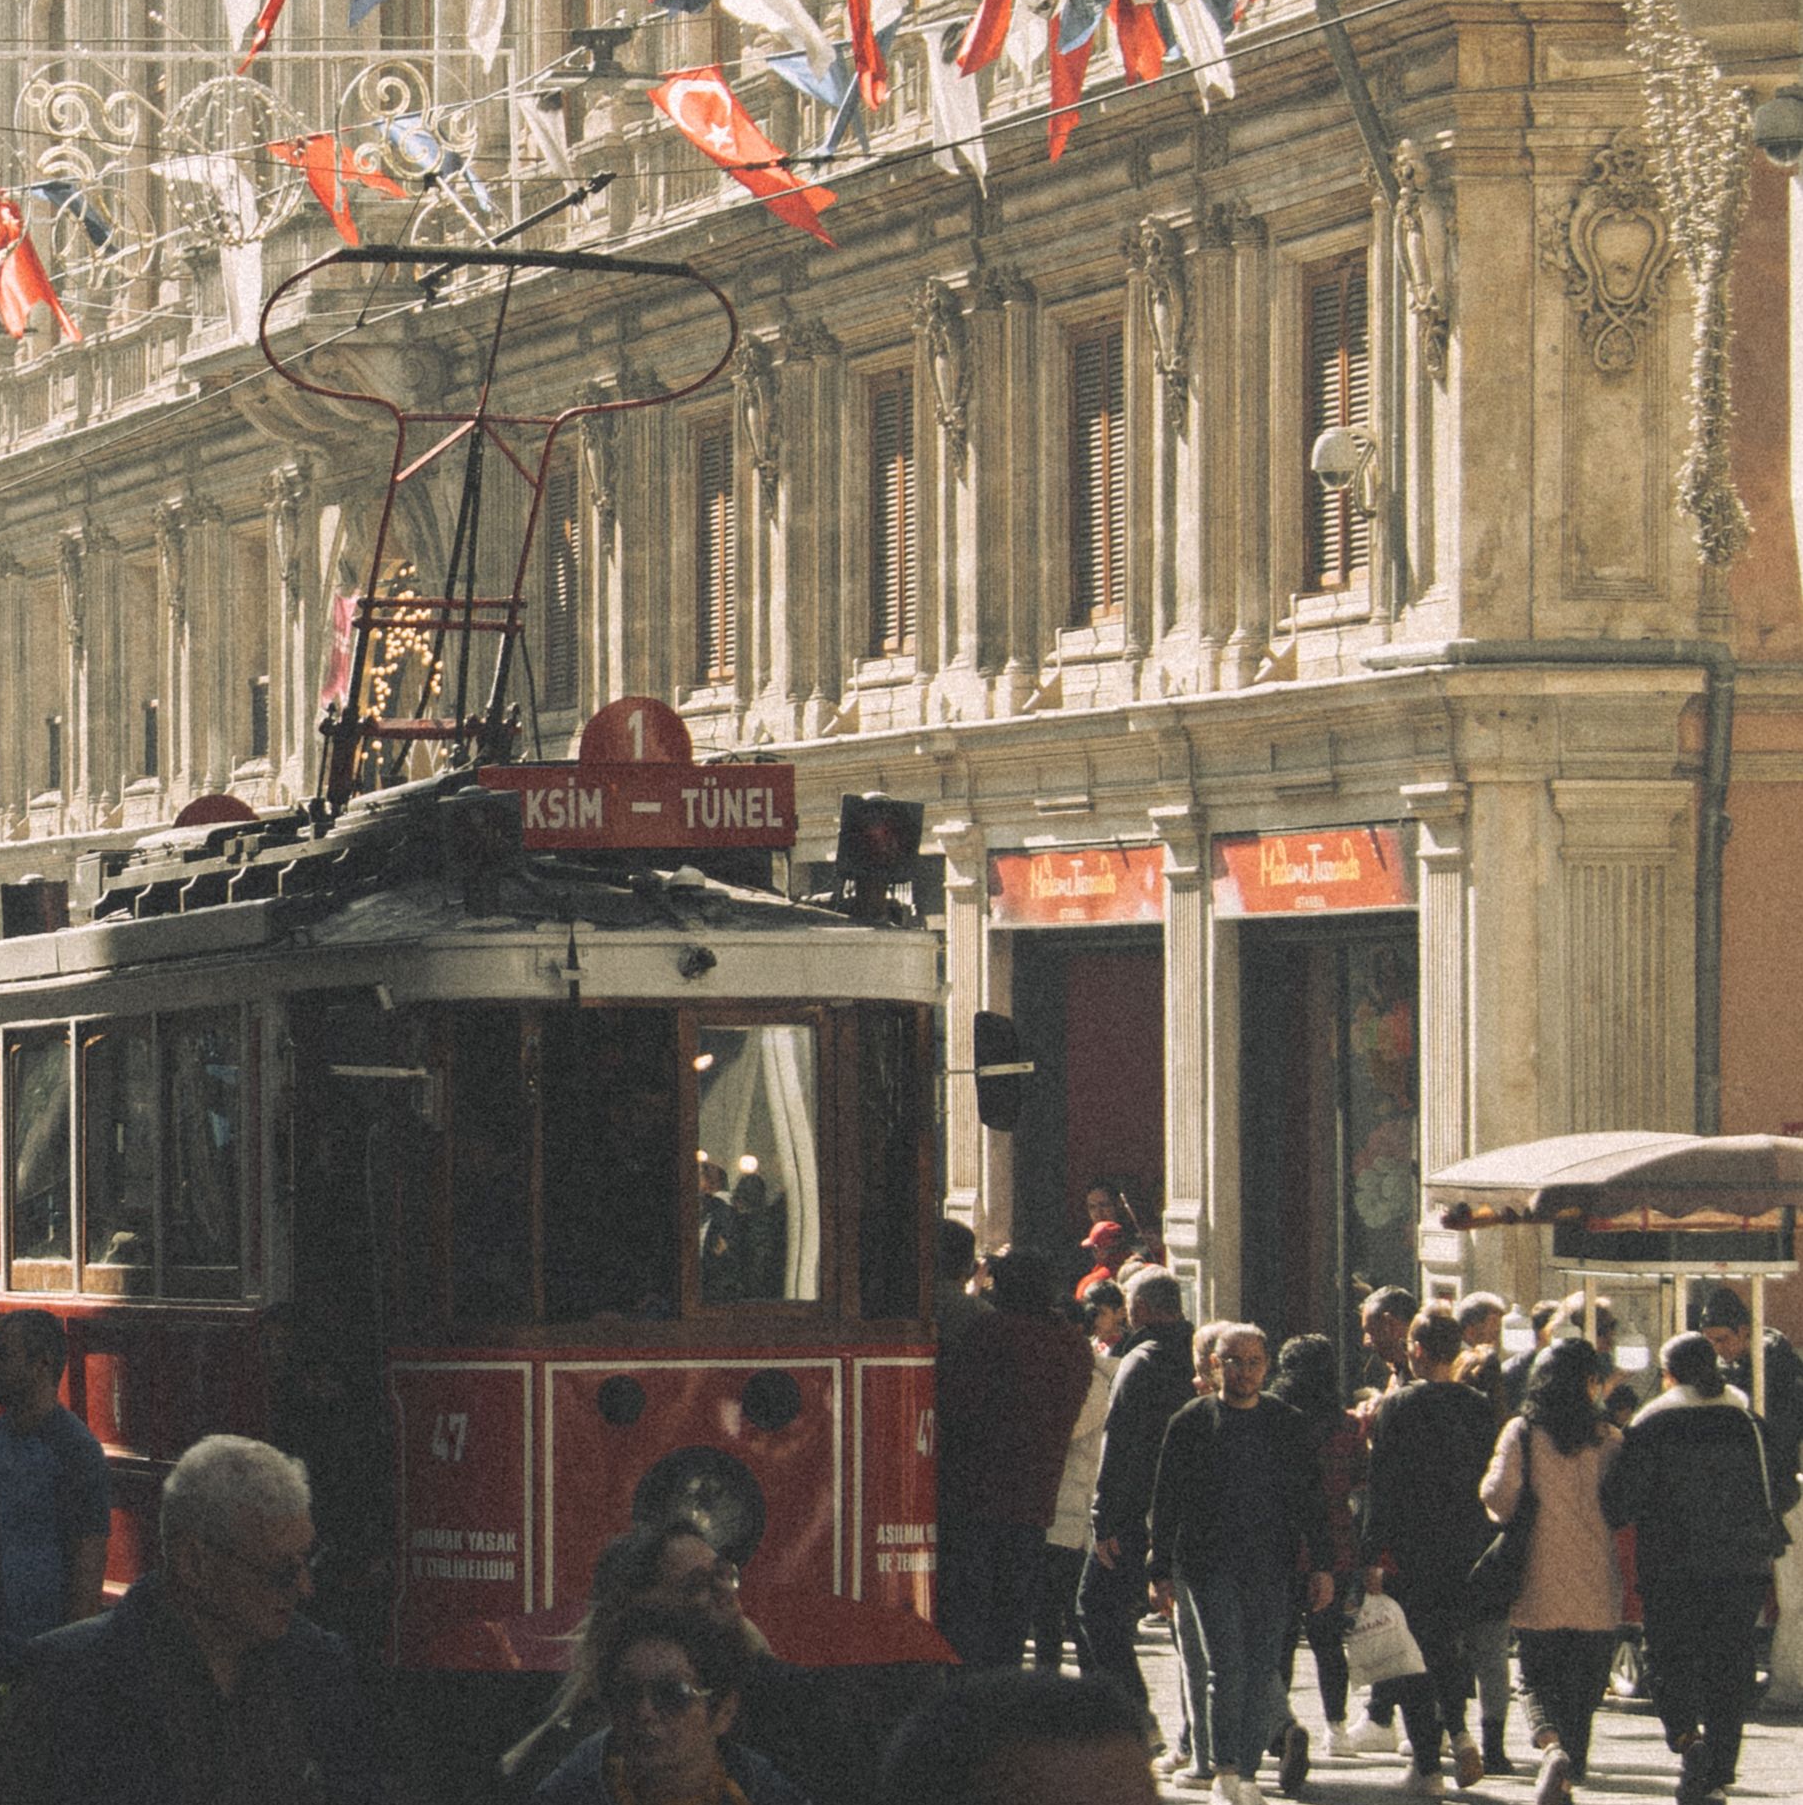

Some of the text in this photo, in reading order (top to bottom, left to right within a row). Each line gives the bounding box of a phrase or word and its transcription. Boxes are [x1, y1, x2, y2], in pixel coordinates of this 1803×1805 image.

[627, 709, 644, 760] 1
[522, 777, 603, 829] KSİM
[680, 777, 784, 829] TÜNEL
[429, 1412, 469, 1462] 47
[468, 1530, 517, 1552] YASAK
◆ ◆ ◆
## What to produce
Pictures are to be left out. Everything else in the records above gets repeated exactly.

## The answer
Some of the text in this photo, in reading order (top to bottom, left to right within a row). Each line gives the bounding box of a phrase or word and its transcription. Boxes are [x1, y1, x2, y2], in pixel coordinates of this 1803×1805 image.

[627, 709, 644, 760] 1
[522, 777, 603, 829] KSİM
[680, 777, 784, 829] TÜNEL
[429, 1412, 469, 1462] 47
[468, 1530, 517, 1552] YASAK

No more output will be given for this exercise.